There’s one thing that I’ve seen time and time again, and it has to to with BoM (Bakes on Mesh). I’ve seen it in the Catwa support group, I’ve seen it in other support groups, and I’ve seen it on the official Second Life Forum.

Are you ready for just a teeny bit more clickbait?

Good.

Have you spotted it yet? There’s a stonking great hint as to what the issue is, right there in the (admittedly somewhat obnoxious) text on that ^ banner image.

Okay, I’ll put you out of your misery. The words “enabled BoM” followed by “applied my skin” are the issue.

My sartorial darlings, the number of ‘double faces’ that I have been seeing on people who have “enabled BoM” and then “applied a skin” are absolutely skyrocketing. And the only thing I can put it down to is BoM being The New Thing, and people simply not understanding what BoM is and how it works.

What do I mean by ‘double face’? Well, brace yourself…

*shudder*

That… delightful look on the left is what will happen when you enable BoM on your head and then use an applier skin. Because BoM and applier skins are incompatible.

Many people want to use BoM, because it’s a big buzzword right now. ‘BoM’ stands for ‘Bakes on Mesh’ and here’s the most basic explanation that I can give you of that:

What BoM does, in essence, is it takes all of the stacked system layers on your underlying system avatar, composites them into a single texture, then sends that texture to your mesh body, which we call ‘baking’, hence the term ‘Bakes on Mesh’.

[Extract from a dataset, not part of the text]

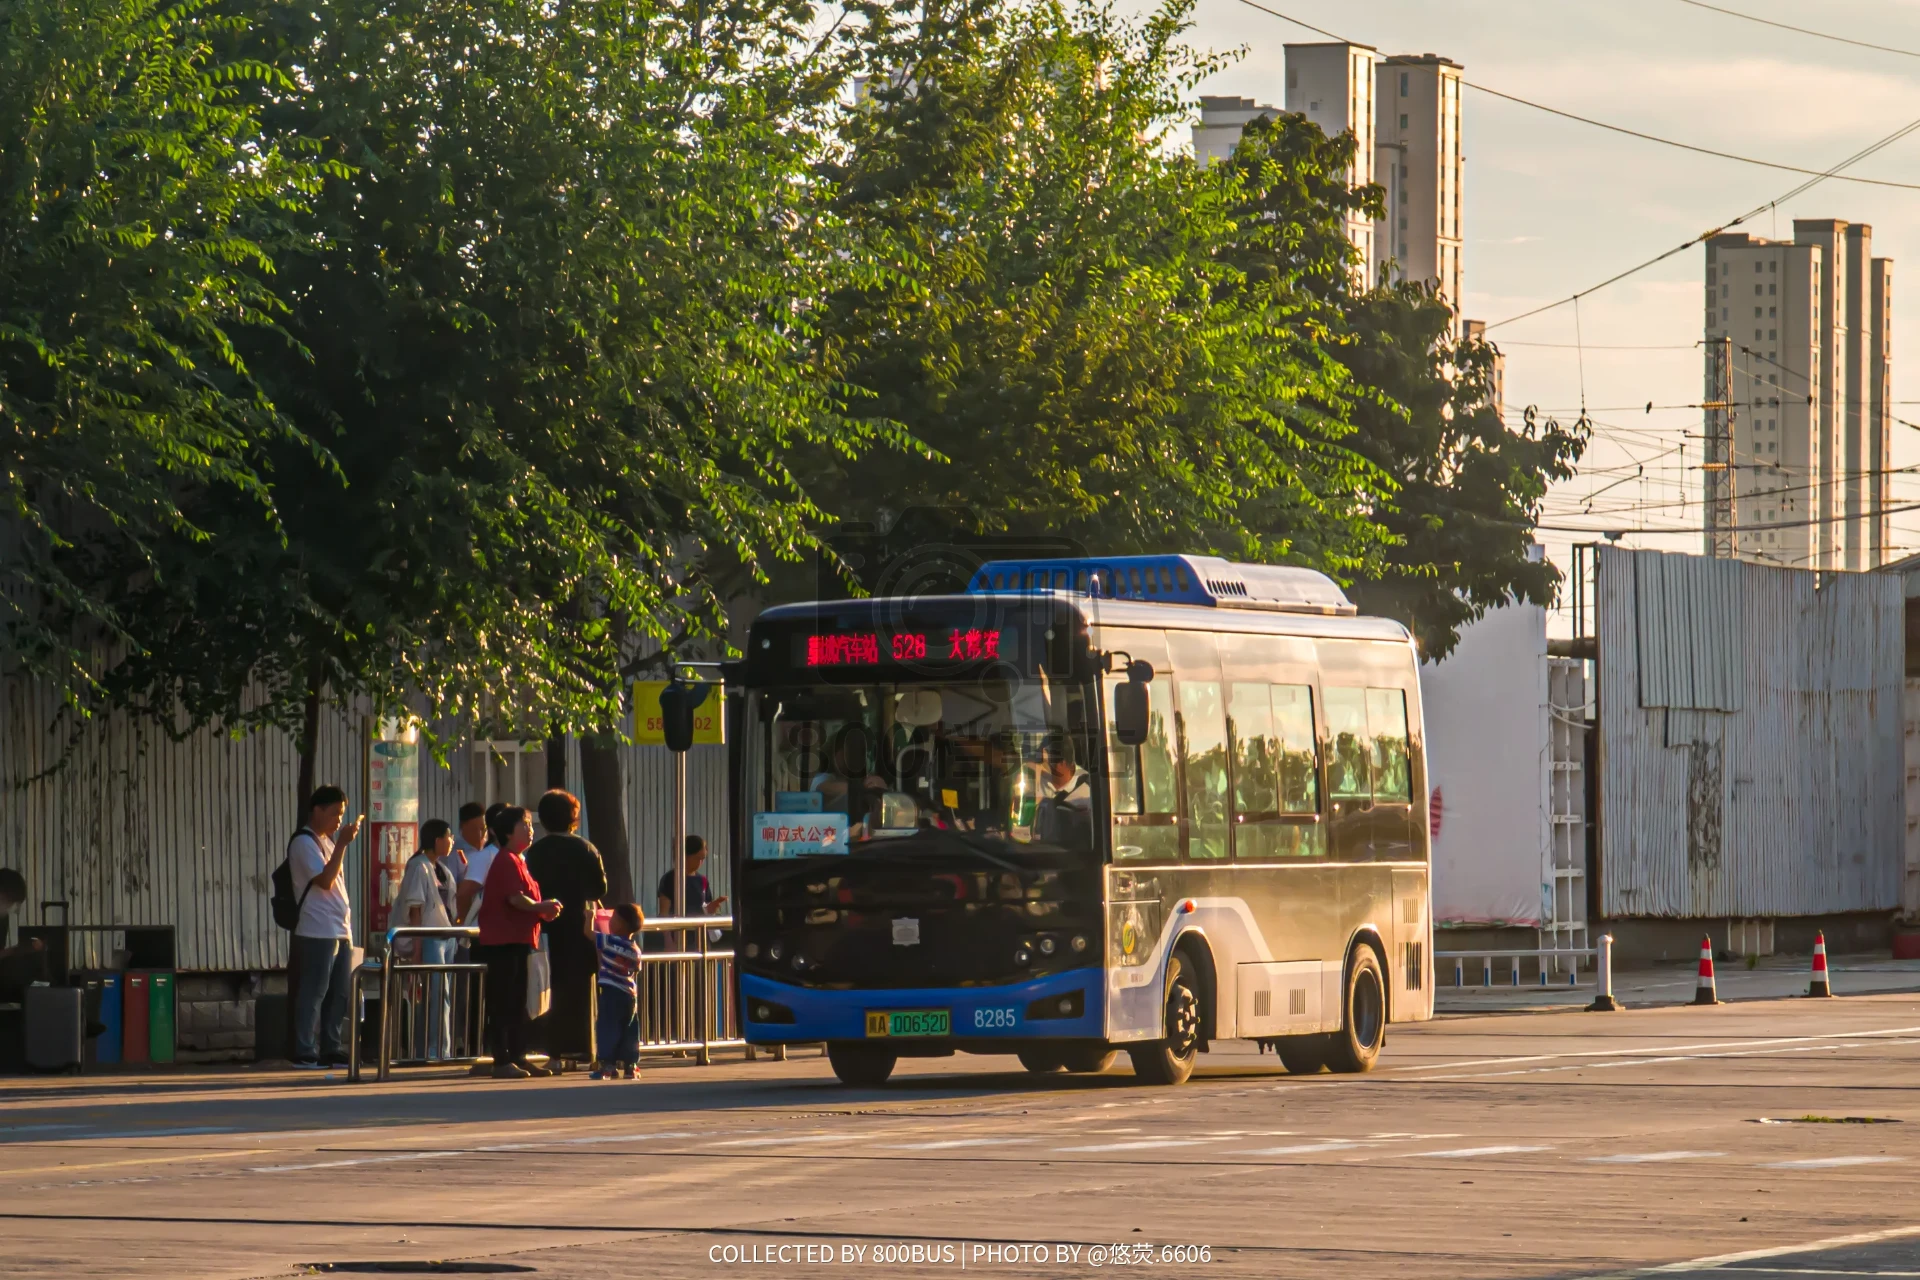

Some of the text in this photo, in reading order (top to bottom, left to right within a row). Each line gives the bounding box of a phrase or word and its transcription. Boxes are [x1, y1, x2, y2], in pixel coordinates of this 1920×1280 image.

[892, 633, 926, 660] 528
[761, 825, 837, 843] 响应式公交
[974, 1008, 1016, 1028] 8285

If you take off your mesh head and mesh body, and any other mesh items you’re wearing, what you have left underneath is your system avatar. We all have one, and for most of us in these days of mesh this-n-that it’s hidden away.

Before BoM came along, we hid our system avatars using alpha layers, then put our mesh heads and bodies over the top. We used appliers to texture those mesh heads and bodies. We’d have an applier skin, then applier hairbase, and applier everything else, from makeup to facial hair, from eyebrows to eyes. Tens (possibly hundreds) of thousands of residents have joined Second Life since mesh heads and bodies and appliers were a thing, and – once they left their starter classic avatar behind them – they only ever knew appliers.

Now that we have BoM, we need to pay attention to that previously-hidden system avatar, because that’s the thing that our BoM skins, makeup, facial hair, brows, and eyes are all going on. BoM makes use of system layers. In order to use BoM we need to remove the alpha layers that hide our system avatars. We then need to enable BoM on our mesh heads and bodies (see my post here for how to do that) or we wear the BoM-only version of a specific body type (e.g. Slink Redux) or ‘BoM-hybrid’ HD heads (such as Lelutka Evo and Evo X, or Catwa HDPRO). We’ll get to what I mean by ‘BoM-hybrid’ in a little while.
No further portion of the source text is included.